Look through the records below for the line with "this 1600×654 image.". Return that line and each one after it up to and including the line with "this 1280×1440 image.", exactly.

◆ DATA SECTION:

***

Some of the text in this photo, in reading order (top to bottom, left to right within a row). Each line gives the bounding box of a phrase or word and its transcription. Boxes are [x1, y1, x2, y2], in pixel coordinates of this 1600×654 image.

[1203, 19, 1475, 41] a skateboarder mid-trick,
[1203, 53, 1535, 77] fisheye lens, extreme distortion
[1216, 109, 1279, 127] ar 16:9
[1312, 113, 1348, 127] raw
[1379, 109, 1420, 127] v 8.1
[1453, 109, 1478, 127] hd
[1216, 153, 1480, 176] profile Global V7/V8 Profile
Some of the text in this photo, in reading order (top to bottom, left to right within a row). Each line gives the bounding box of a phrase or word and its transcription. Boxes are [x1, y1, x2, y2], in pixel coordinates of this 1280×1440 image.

***

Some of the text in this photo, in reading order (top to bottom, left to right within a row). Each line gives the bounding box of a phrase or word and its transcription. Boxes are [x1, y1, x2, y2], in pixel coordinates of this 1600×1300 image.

***

◆ TASK ANSWER:
Some of the text in this photo, in reading order (top to bottom, left to right within a row). Each line gives the bounding box of a phrase or word and its transcription. Boxes are [x1, y1, x2, y2], in pixel coordinates of this 1600×654 image.

[1203, 19, 1475, 41] a skateboarder mid-trick,
[1203, 53, 1535, 77] fisheye lens, extreme distortion
[1216, 109, 1279, 127] ar 16:9
[1312, 113, 1348, 127] raw
[1379, 109, 1420, 127] v 8.1
[1453, 109, 1478, 127] hd
[1216, 153, 1480, 176] profile Global V7/V8 Profile
Some of the text in this photo, in reading order (top to bottom, left to right within a row). Each line gives the bounding box of a phrase or word and its transcription. Boxes are [x1, y1, x2, y2], in pixel coordinates of this 1280×1440 image.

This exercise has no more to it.